Downlink message fails: class A has no more alternate TX time

dave-settle commented 2 years ago

If a basicstation process is (re)started, but receives no downlink message within the first hour or so, it will permanently refuse to transmit downlink messages (e.g. Join Accept).

The situation is described clearly in https://github.com/TheThingsNetwork/lorawan-stack/issues/2097, although the problem of course may be different.

To reproduce: restart basicstation and ensure that it receives no traffic for at least 90 minutes. Then start an end node - the join request is received, sent to the back-end (TTN in my case), and the back-end responds with a join accept. However, basicstation will refuse to transmit this to the end node with the error "class A has no more alternate TX time". The error appears to be permanent and no further downlink messages are ever transmitted.

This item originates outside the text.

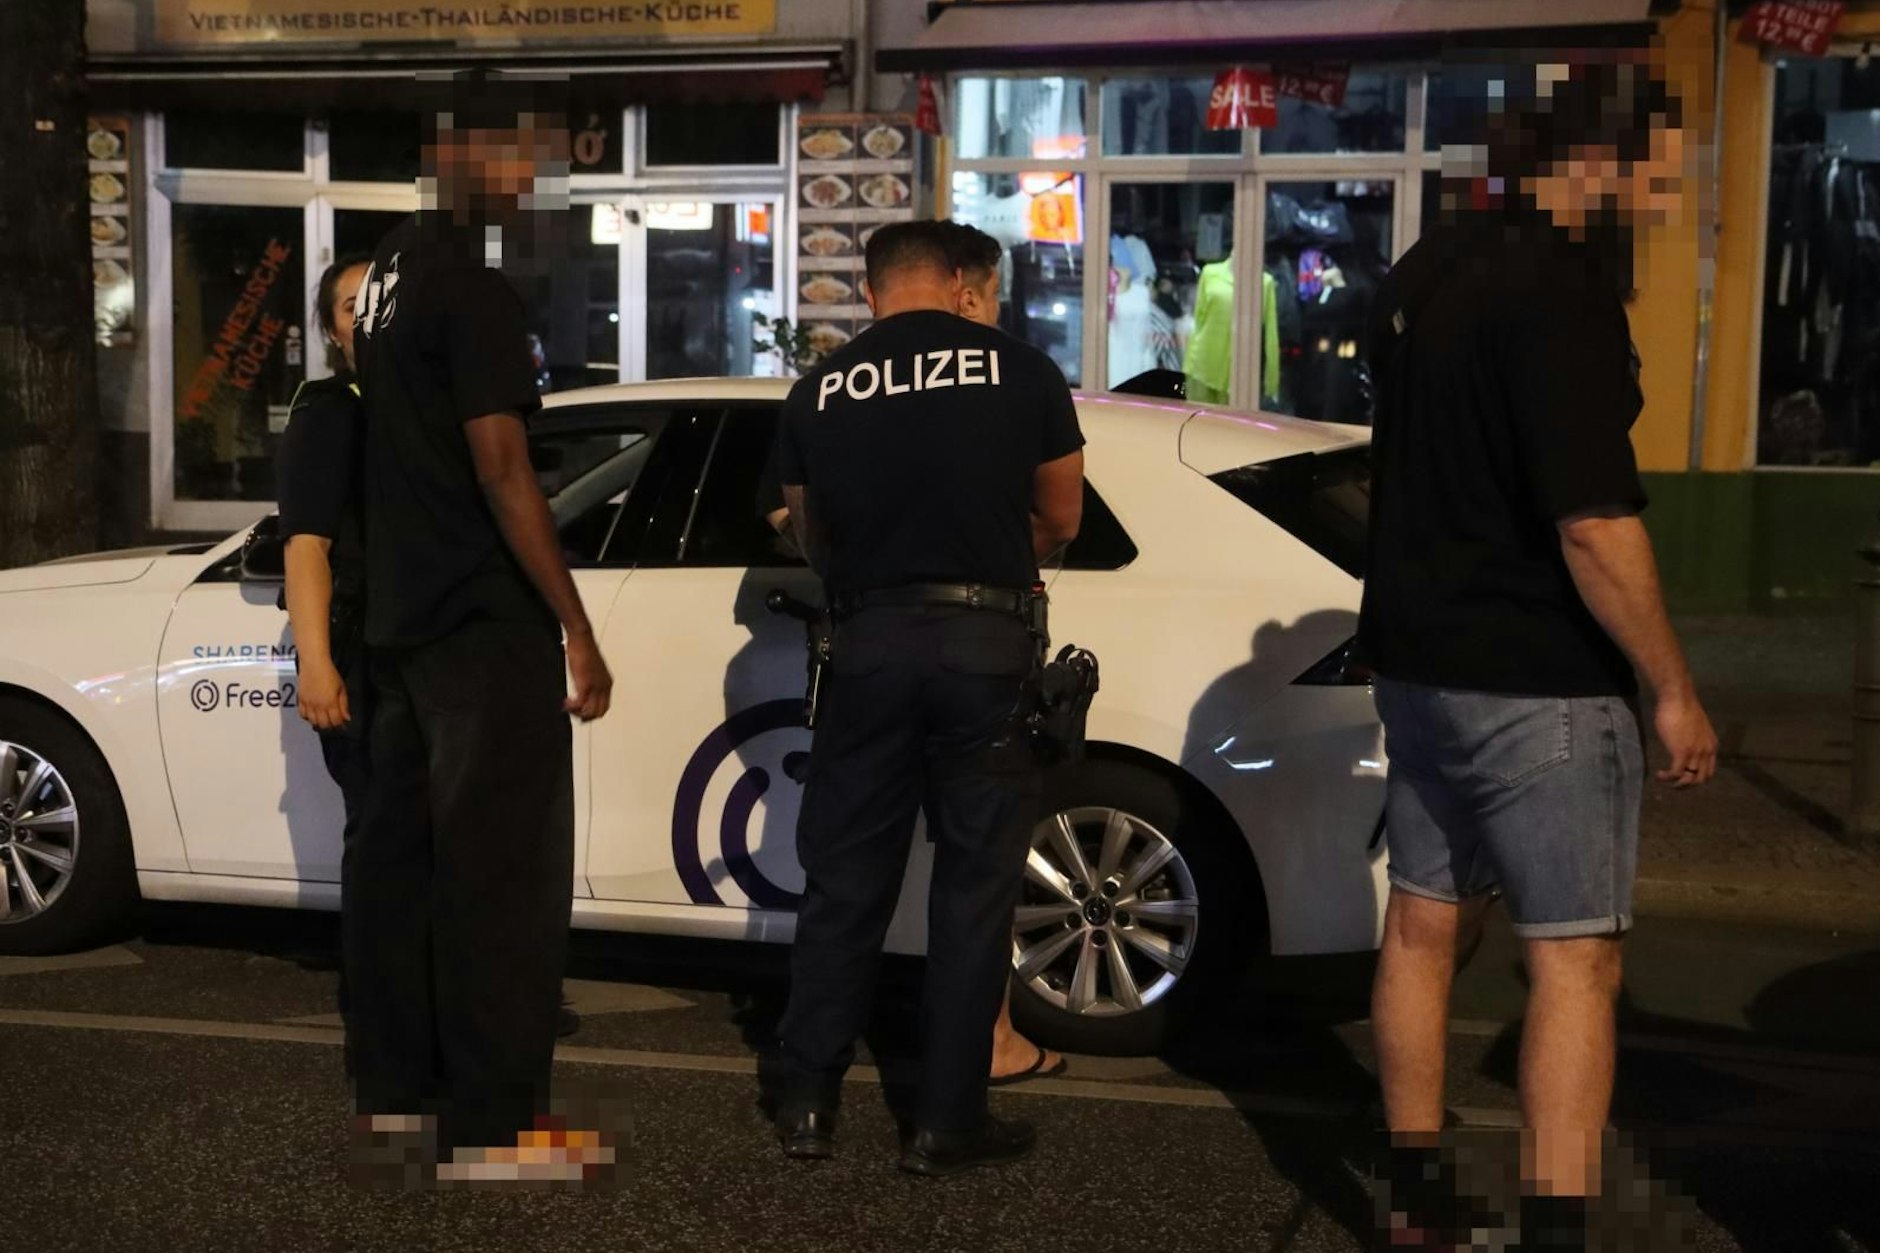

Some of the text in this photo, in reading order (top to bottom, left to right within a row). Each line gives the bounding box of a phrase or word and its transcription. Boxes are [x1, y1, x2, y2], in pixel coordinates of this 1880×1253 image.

[1210, 84, 1277, 109] SALE
[817, 349, 1001, 412] POLIZEI
[226, 682, 299, 708] Free2

Workaround: restart basicstation and get the end node to send a join request within 30 minutes. Everything will be processed normally and the join accept downlink message will be transmitted to the end node. Note: once a single transmission has been received, basicstation seems to be quite happy with long delays between transmissions - it looks like an issue only for the first request.

beitler commented 2 years ago

Hi @dave-settle,

Thanks for submitting the issue.

Which network server do you use? Why do you think the issue is related to Basics Station code rather than the network server implementation?

dave-settle commented 2 years ago

I'm using The Things Network, and I can see the join request arriving at TTN and a join accept being sent back to my basicstation process.I see the join accept message arrive at my basicstation process from TTN, but basicstation refuses to transmit it. My end node then times out waiting for the response. This happens endlessly.

If I restart basicstation and start up my end node again promptly, everything works as expected.It appears to be a problem if the first message is not received within a certain time when basicstation starts up.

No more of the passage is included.